___ Data ___

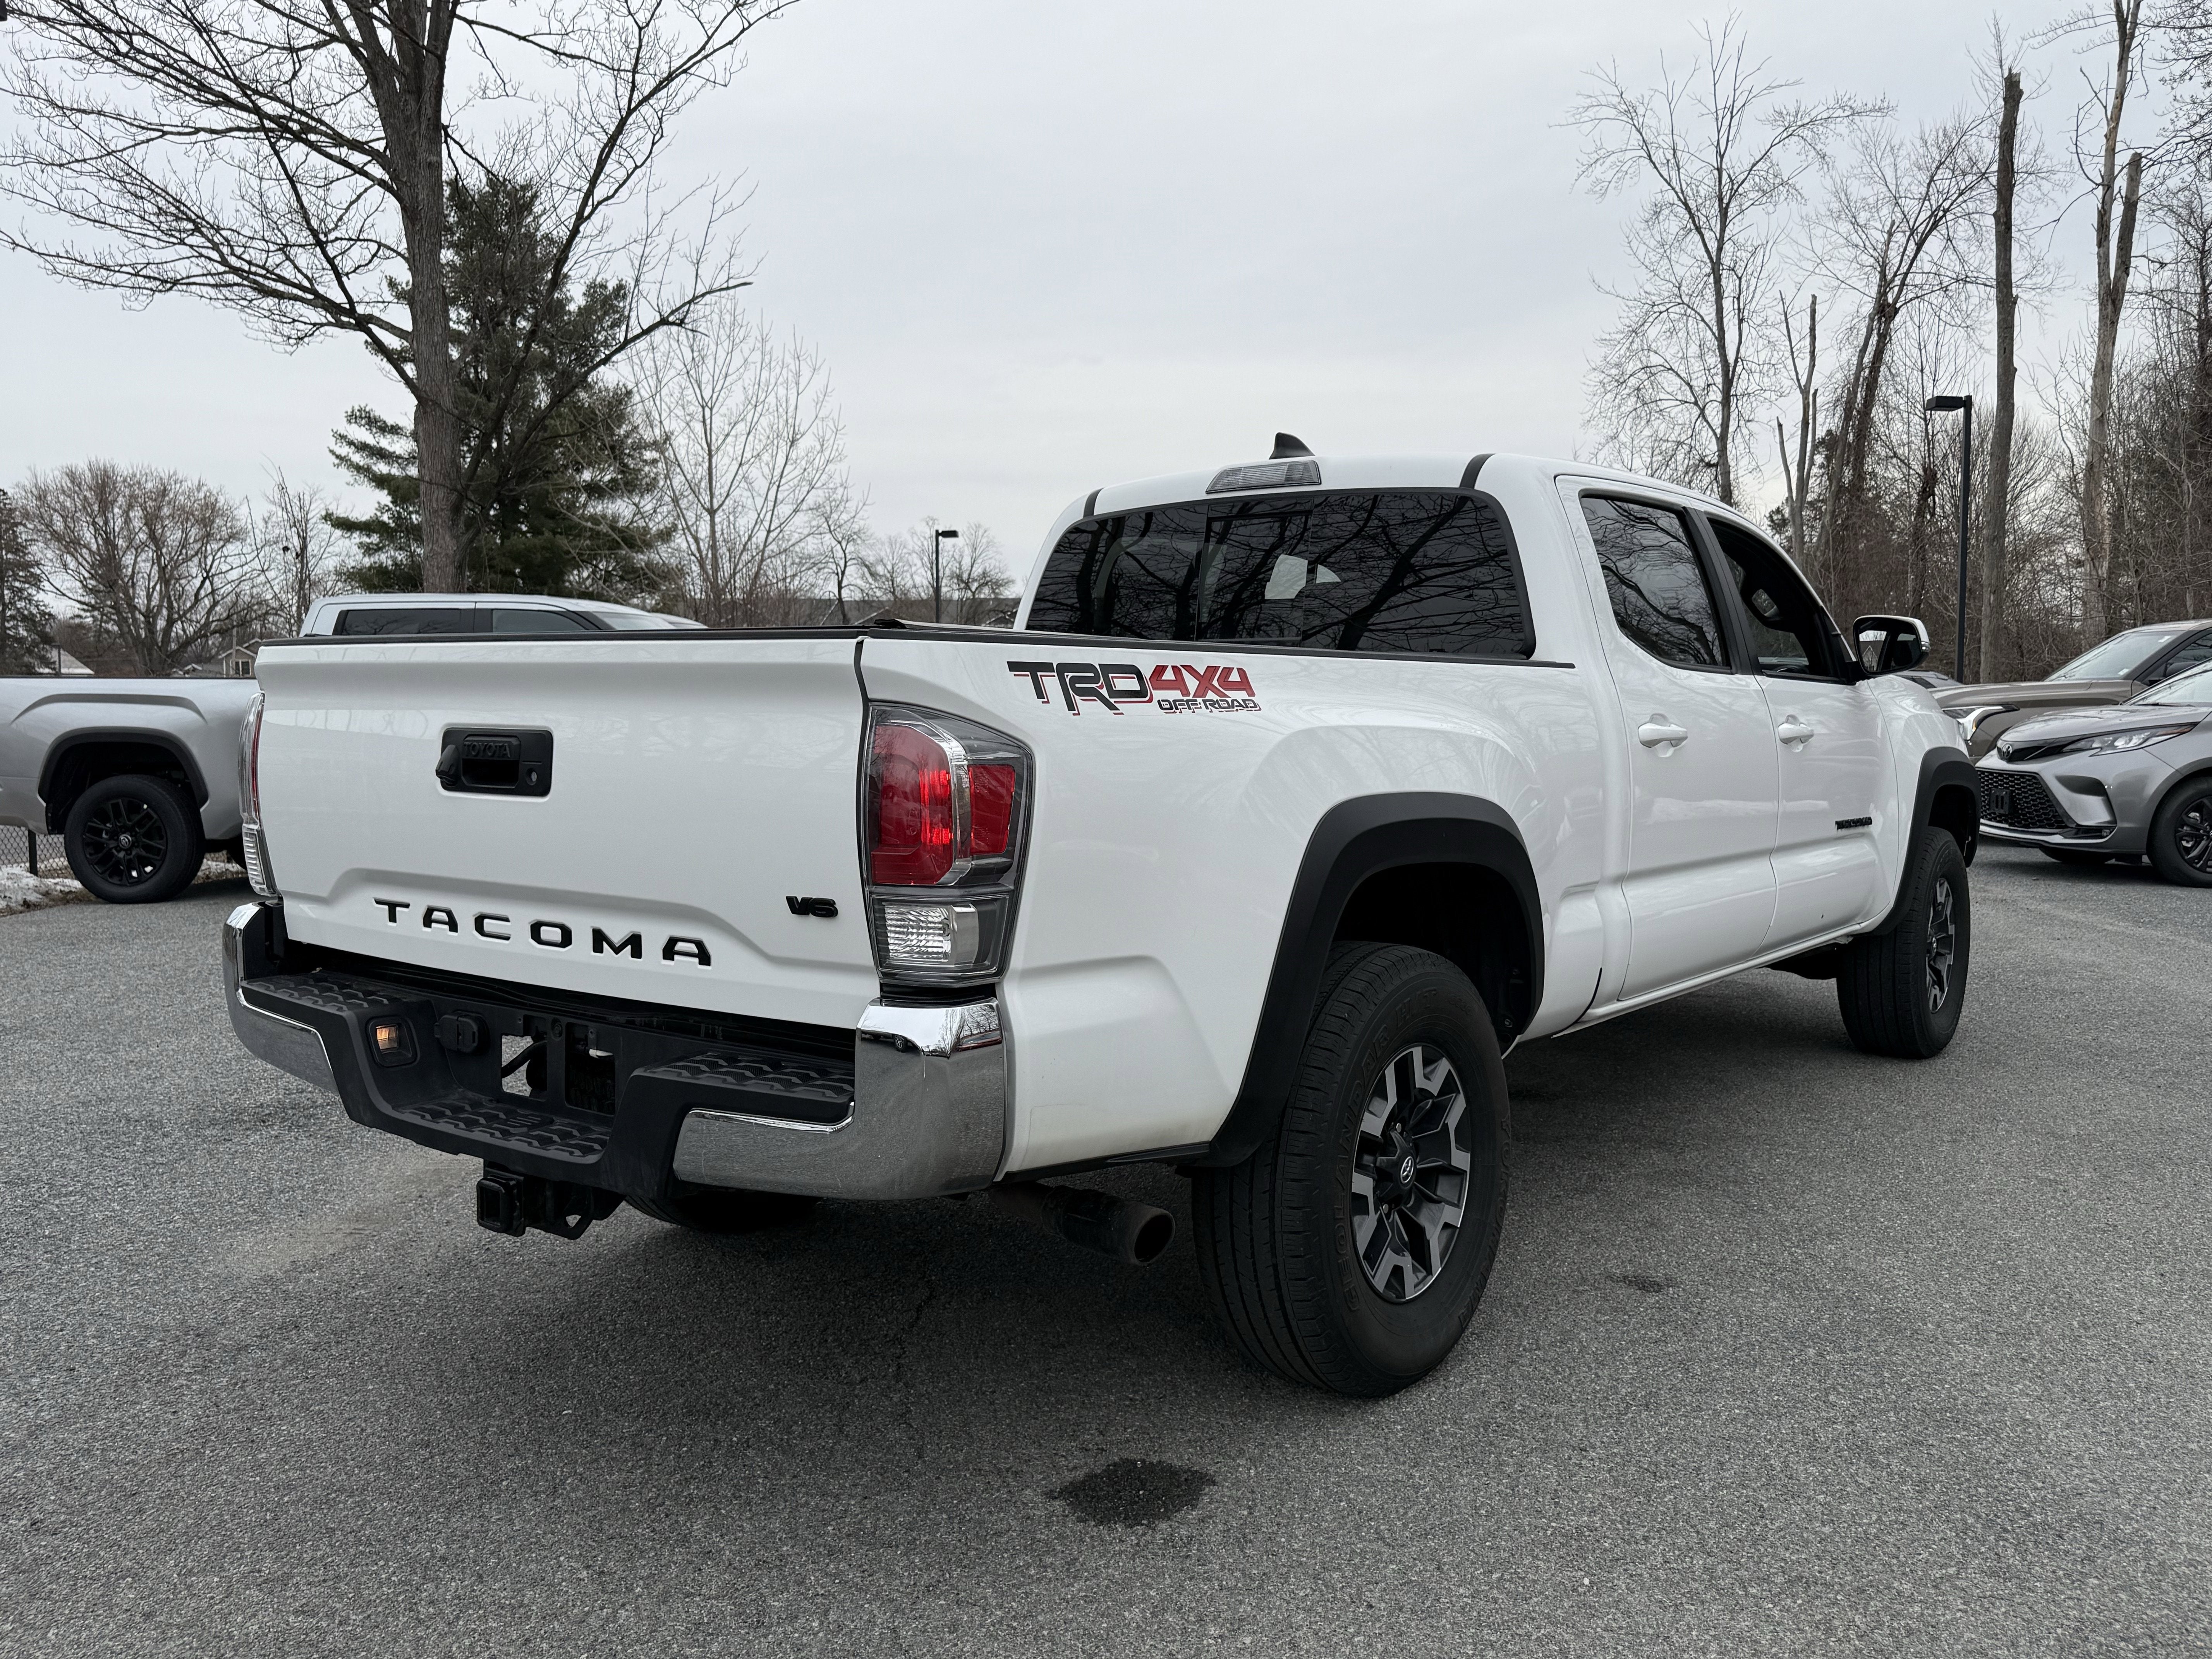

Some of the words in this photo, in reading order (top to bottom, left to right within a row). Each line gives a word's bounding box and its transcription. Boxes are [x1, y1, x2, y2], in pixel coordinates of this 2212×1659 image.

[1007, 661, 1154, 716] TRD
[464, 742, 510, 758] TOYOTA
[373, 898, 712, 967] TACOMA
[786, 896, 838, 917] V6
[1334, 1024, 1390, 1312] GEOLANDAR
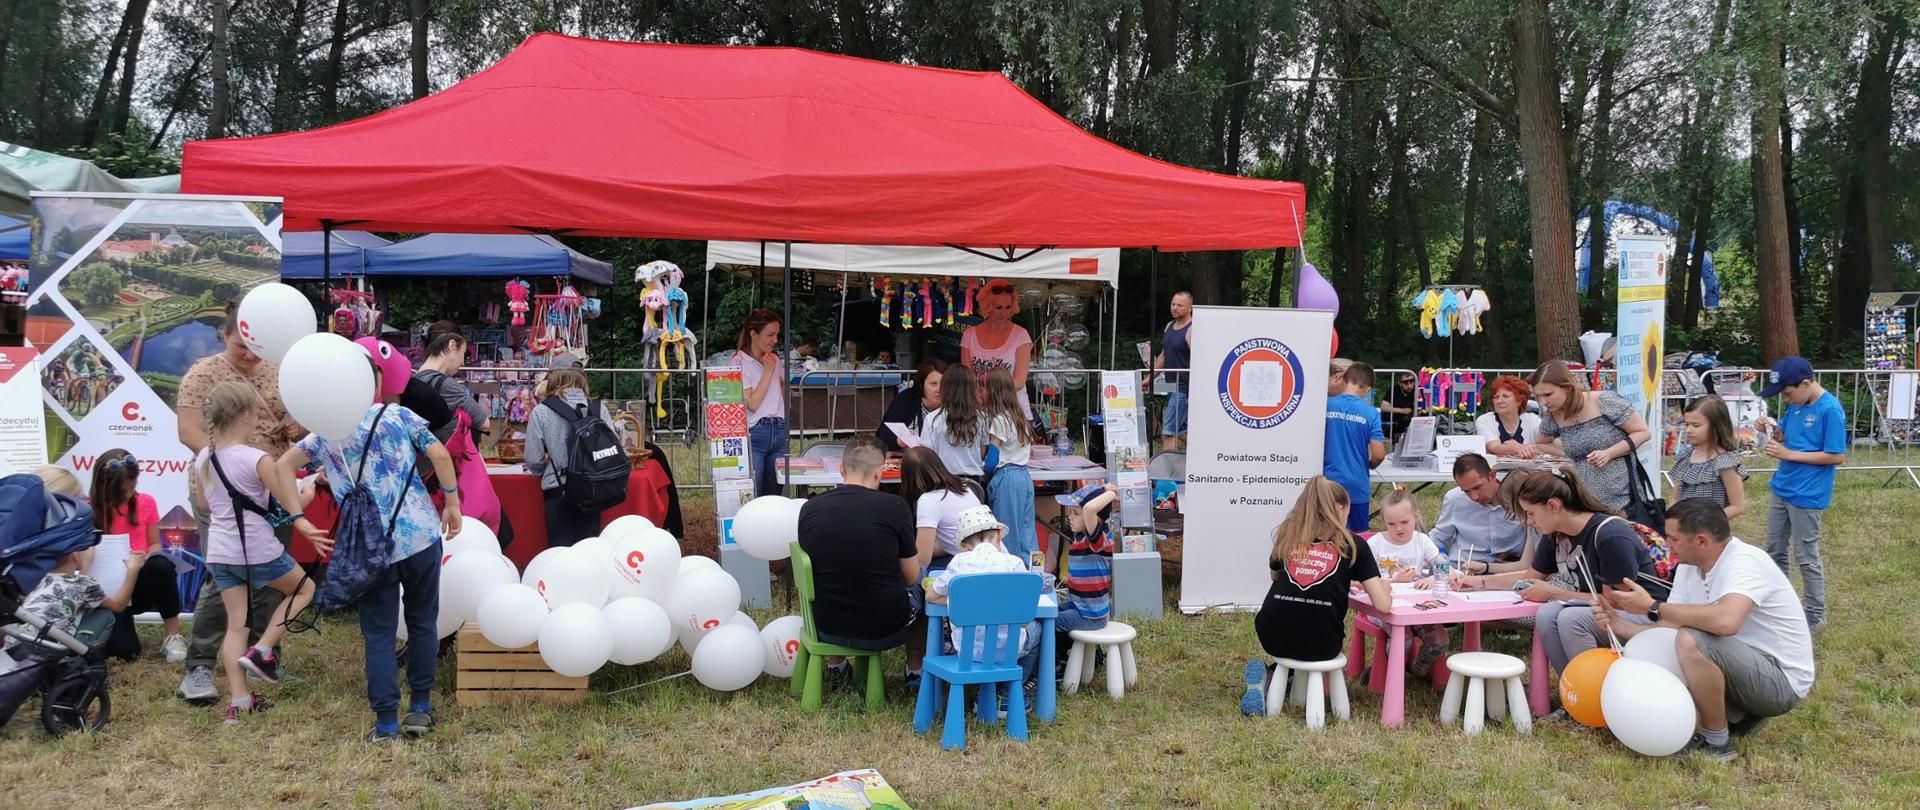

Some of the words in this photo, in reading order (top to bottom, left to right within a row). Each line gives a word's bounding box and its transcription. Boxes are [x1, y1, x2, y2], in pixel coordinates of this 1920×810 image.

[1234, 339, 1290, 358] PAŃSTWOWA
[1220, 391, 1258, 428] INSPEKCJA
[1259, 393, 1301, 428] SANITARNA
[108, 425, 154, 433] czerwonak
[1217, 453, 1267, 462] Powiatowa
[1269, 453, 1299, 464] Stacja
[72, 454, 193, 476] Wczyw
[1188, 474, 1234, 483] Sanitarno
[1242, 475, 1312, 486] Epidemiologic
[1240, 497, 1283, 505] Poznaniu
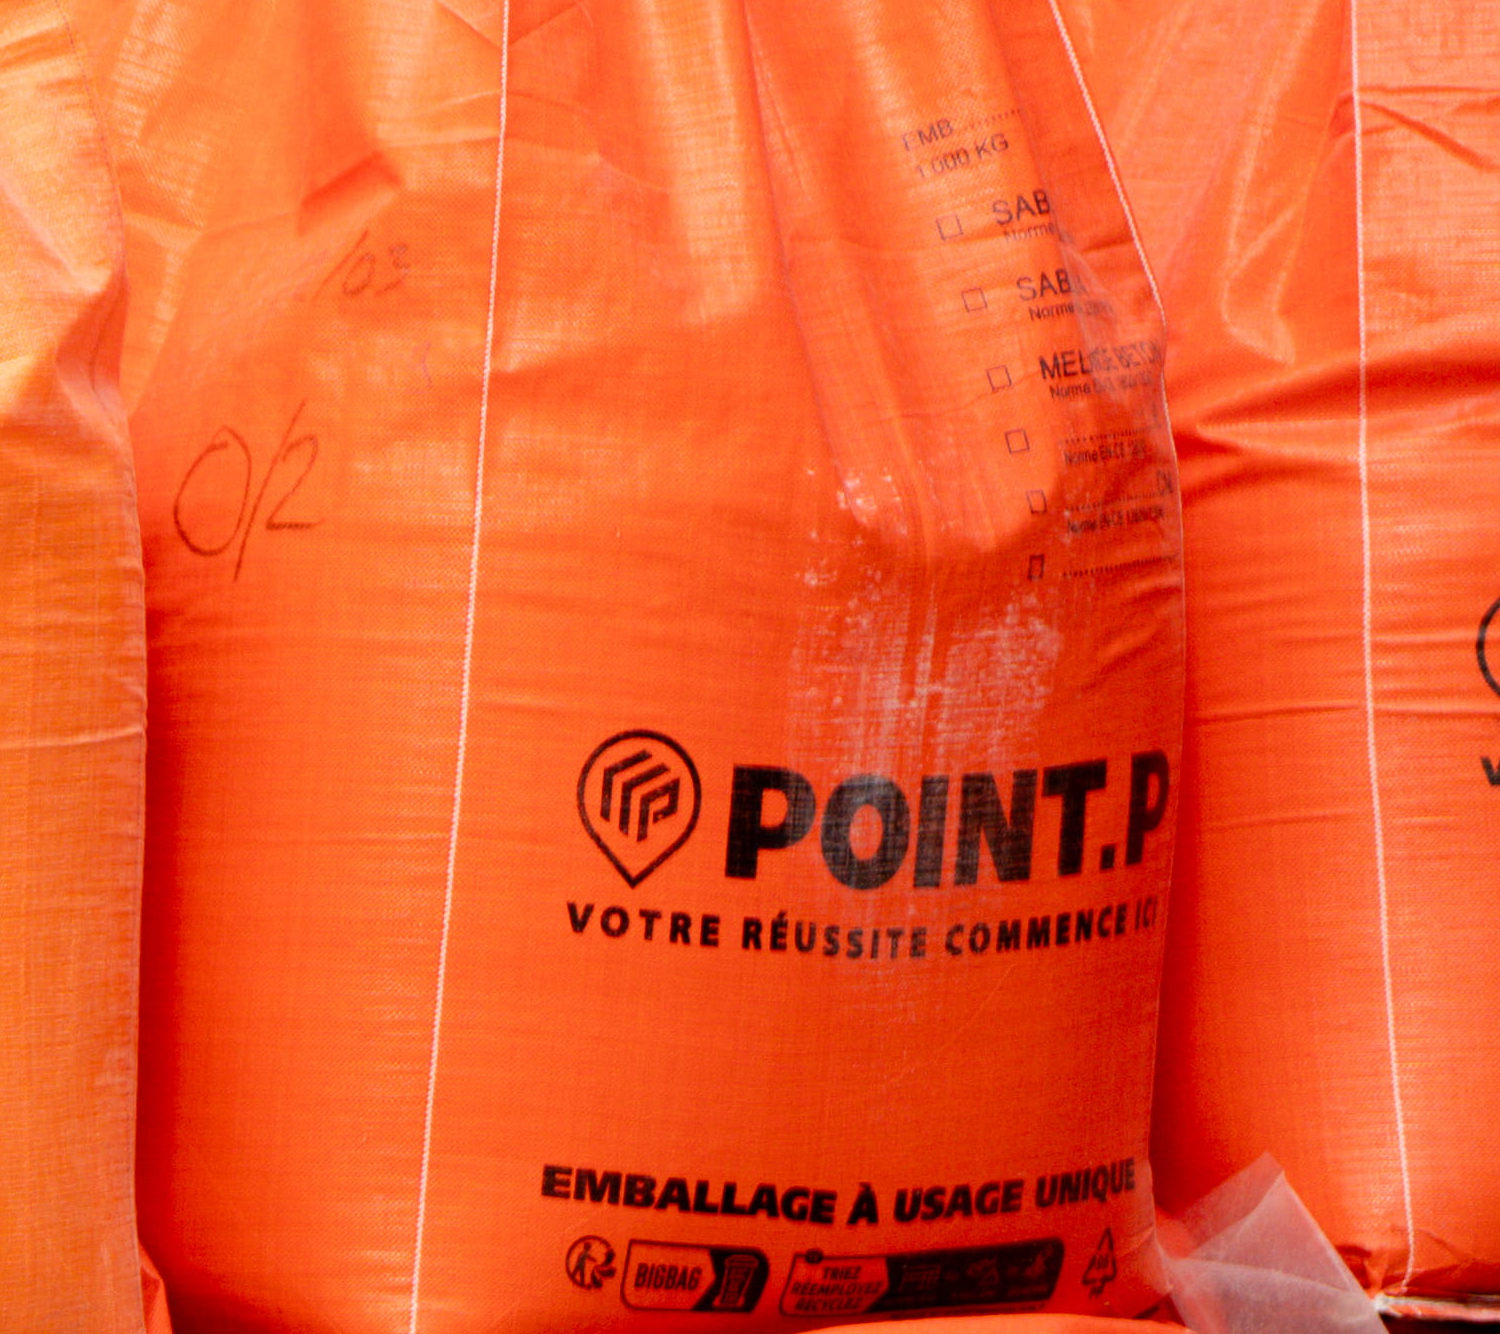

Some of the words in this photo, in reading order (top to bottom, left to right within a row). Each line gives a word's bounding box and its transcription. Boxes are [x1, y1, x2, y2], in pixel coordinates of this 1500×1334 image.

[902, 117, 954, 152] EMB
[974, 132, 1009, 160] KG
[725, 750, 1170, 890] POINT.P
[566, 902, 720, 948] VOTRE
[742, 911, 927, 960] RÉUSSITE
[944, 903, 1128, 955] COMMENCE
[1134, 894, 1158, 931] ICI
[542, 1164, 837, 1225] EMBALLAGE
[846, 1182, 880, 1225] À
[893, 1179, 1024, 1223] USAGE
[1034, 1157, 1136, 1204] UNIQUE
[634, 1262, 702, 1292] BIGBAG

___

Give back an exact reproduction of the entries, with all pictures excluded.

Some of the words in this photo, in reading order (top to bottom, left to right within a row). Each line gives a word's bounding box and its transcription. Boxes are [x1, y1, x2, y2], in pixel coordinates of this 2212×1659 image.

[1007, 661, 1154, 716] TRD
[464, 742, 510, 758] TOYOTA
[373, 898, 712, 967] TACOMA
[786, 896, 838, 917] V6
[1334, 1024, 1390, 1312] GEOLANDAR

Some of the words in this photo, in reading order (top to bottom, left to right within a row). Each line gives a word's bounding box and its transcription. Boxes are [x1, y1, x2, y2], in pixel coordinates of this 1920×810 image.

[1234, 339, 1290, 358] PAŃSTWOWA
[1220, 391, 1258, 428] INSPEKCJA
[1259, 393, 1301, 428] SANITARNA
[108, 425, 154, 433] czerwonak
[1217, 453, 1267, 462] Powiatowa
[1269, 453, 1299, 464] Stacja
[72, 454, 193, 476] Wczyw
[1188, 474, 1234, 483] Sanitarno
[1242, 475, 1312, 486] Epidemiologic
[1240, 497, 1283, 505] Poznaniu

Some of the words in this photo, in reading order (top to bottom, left to right within a row). Each line gives a word's bounding box and its transcription. Boxes are [x1, y1, x2, y2], in pixel coordinates of this 1500×1334 image.

[902, 117, 954, 152] EMB
[974, 132, 1009, 160] KG
[725, 750, 1170, 890] POINT.P
[566, 902, 720, 948] VOTRE
[742, 911, 927, 960] RÉUSSITE
[944, 903, 1128, 955] COMMENCE
[1134, 894, 1158, 931] ICI
[542, 1164, 837, 1225] EMBALLAGE
[846, 1182, 880, 1225] À
[893, 1179, 1024, 1223] USAGE
[1034, 1157, 1136, 1204] UNIQUE
[634, 1262, 702, 1292] BIGBAG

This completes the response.